If I run the featurization in serial mode I don't see the error.
Example code
from matminer.data_retrieval.retrieve_MP import MPDataRetrieval
from matminer.featurizers.base import BaseFeaturizer
class DummyBSFeaturizer(BaseFeaturizer):
def featurize(self, bs):
return 1
def feature_labels(self):
return ["dummy_features"]
mpdr = MPDataRetrieval()
criteria = {
"band_structure": {"$exists": True},
"elements": {"$nin": ["H"]},
"band_gap": {"$gt": 0, "$lte": 2},
"e_above_hull": {"$lte": 0.20},
"nsites": {"$gte": 1, "$lte": 80},
"icsd_ids": {"$exists": True, "$ne": []},
"has_bandstructure": True
}
# get a dataframe of ~5000 band structures.

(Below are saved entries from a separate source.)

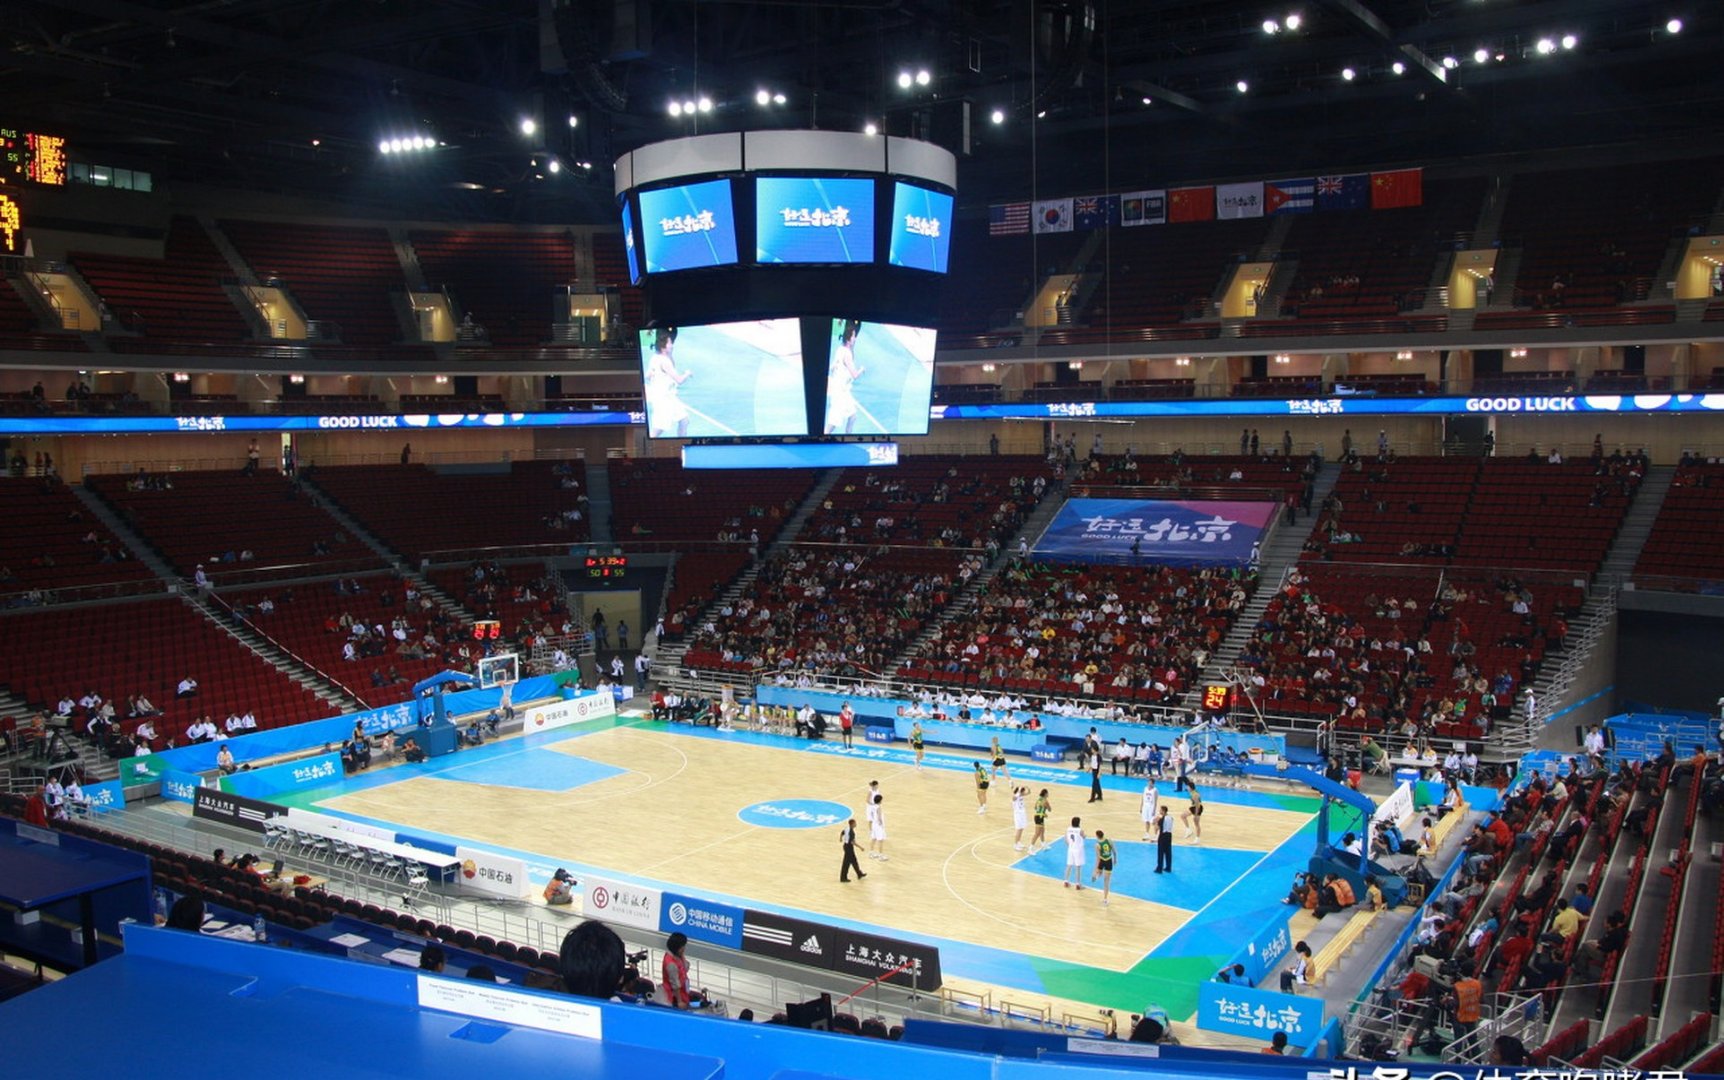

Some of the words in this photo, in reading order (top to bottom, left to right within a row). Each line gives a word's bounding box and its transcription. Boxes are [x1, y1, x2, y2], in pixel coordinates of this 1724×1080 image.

[1466, 397, 1521, 411] GOOD
[1525, 396, 1575, 411] LUCK
[318, 416, 359, 428] GOOD
[362, 416, 398, 427] LUCK
[1081, 515, 1238, 542] 好运北京
[1206, 694, 1223, 706] 24
[479, 867, 513, 884] 中国石油
[612, 891, 650, 910] 中国银行
[688, 909, 734, 927] 中国移动通信
[688, 920, 708, 930] CHINA
[709, 923, 733, 936] MOBILE
[845, 955, 877, 967] SHANGHAI
[846, 944, 922, 969] 上海大众汽车
[1214, 997, 1302, 1033] 好运北京

Note, this takes a LONG time.
df = mpdr.get_dataframe(criteria=criteria, properties=['bandstructure_uniform'])
dbsf = DummyBSFeaturizer()
df = dbsf.featurize_dataframe(df[2000:3000], "bandstructure_uniform")Error traceback
error Traceback (most recent call last)
<ipython-input-55-06ffb3880a7c> in <module>
1 dbsf = DummyBSFeaturizer()
----> 2 df = dbsf.featurize_dataframe(df[2000:3000], "bandstructure_uniform")
~/dev/src/matminer/matminer/featurizers/base.py in featurize_dataframe(self, df, col_id, ignore_errors, return_errors, inplace, multiindex, pbar)
338 ignore_errors=ignore_errors,
339 return_errors=return_errors,
--> 340 pbar=pbar)
341
342 # Make sure the dataframe can handle multiindices
~/dev/src/matminer/matminer/featurizers/base.py in featurize_many(self, entries, ignore_errors, return_errors, pbar)
465 return_errors=return_errors,
466 ignore_errors=ignore_errors)
--> 467 return p.map(func, entries, chunksize=self.chunksize)
468
469 def featurize_wrapper(self, x, return_errors=False, ignore_errors=False):
~/miniconda3/envs/common_env3/lib/python3.6/multiprocessing/pool.py in map(self, func, iterable, chunksize)
286 in a list that is returned.
287 '''
--> 288 return self._map_async(func, iterable, mapstar, chunksize).get()
289
290 def starmap(self, func, iterable, chunksize=None):
~/miniconda3/envs/common_env3/lib/python3.6/multiprocessing/pool.py in get(self, timeout)
668 return self._value
669 else:
--> 670 raise self._value
671
672 def _set(self, i, obj):
~/miniconda3/envs/common_env3/lib/python3.6/multiprocessing/pool.py in _handle_tasks(taskqueue, put, outqueue, pool, cache)
448 break
449 try:
--> 450 put(task)
451 except Exception as e:
452 job, idx = task[:2]
~/miniconda3/envs/common_env3/lib/python3.6/multiprocessing/connection.py in send(self, obj)
204 self._check_closed()
205 self._check_writable()
--> 206 self._send_bytes(_ForkingPickler.dumps(obj))
207
208 def recv_bytes(self, maxlength=None):
~/miniconda3/envs/common_env3/lib/python3.6/multiprocessing/connection.py in _send_bytes(self, buf)
391 n = len(buf)
392 # For wire compatibility with 3.2 and lower
--> 393 header = struct.pack("!i", n)
394 if n > 16384:
395 # The payload is large so Nagle's algorithm won't be triggered
error: 'i' format requires -2147483648 <= number <= 2147483647
Possible fixes
Short of manually remapping the band structure numpy data to shared memory, I can't think of an easy fix for this.
As this error isn't raised when featurization is done in serial mode, perhaps a short term solution would be to set the default value of n_jobs to 1 for all band structure featurizers?